I assumed dense_rank will push those records with empty field values (in this case 3rd empty field) to the last. Is this correct?

我假设dense_rank会将那些带有空字段值的记录(在本例中为第3个空字段)推送到最后一个。它是否正确?

1 个解决方案

#1


0  

If I got it right, you probably want a windowed rank. You could try the following:

如果我做对了,你可能想要一个窗口等级。您可以尝试以下方法:

import org.apache.spark.sql.functions._
import org.apache.spark.sql.expressions.Window

val window = Window.partitionBy("User").orderBy("User", "clickedDestination", "clickedAirbnb")

val result = df.withColumn("clickedAirbnbIndex", dense_rank().over(window))

If needed, you can find some good reading about window functions in Spark here.

如果需要,您可以在Spark中找到关于窗口功能的一些好的阅读。

Also, the functions package api documentation is very useful.

此外,函数包api文档非常有用。

#1


0  

If I got it right, you probably want a windowed rank.
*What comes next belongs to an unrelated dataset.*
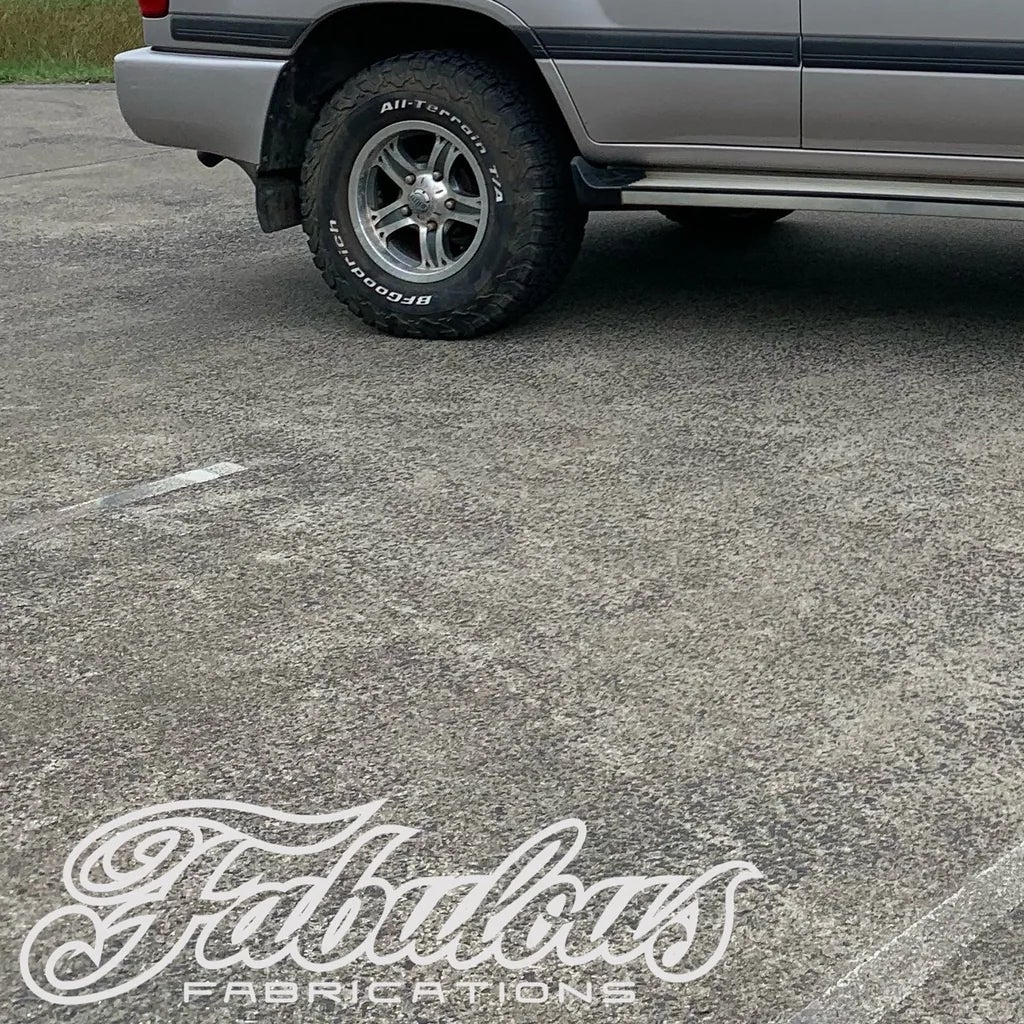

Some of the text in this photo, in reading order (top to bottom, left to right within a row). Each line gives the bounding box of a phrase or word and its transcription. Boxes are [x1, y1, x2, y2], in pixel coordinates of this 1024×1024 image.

[380, 99, 504, 203] All-Terrain T/A
[329, 219, 433, 307] BFGoodrich
You could try the following:

如果我做对了,你可能想要一个窗口等级。您可以尝试以下方法:

import org.apache.spark.sql.functions._
import org.apache.spark.sql.expressions.Window

val window = Window.partitionBy("User").orderBy("User", "clickedDestination", "clickedAirbnb")

val result = df.withColumn("clickedAirbnbIndex", dense_rank().over(window))

If needed, you can find some good reading about window functions in Spark here.

如果需要,您可以在Spark中找到关于窗口功能的一些好的阅读。

Also, the functions package api documentation is very useful.

此外,函数包api文档非常有用。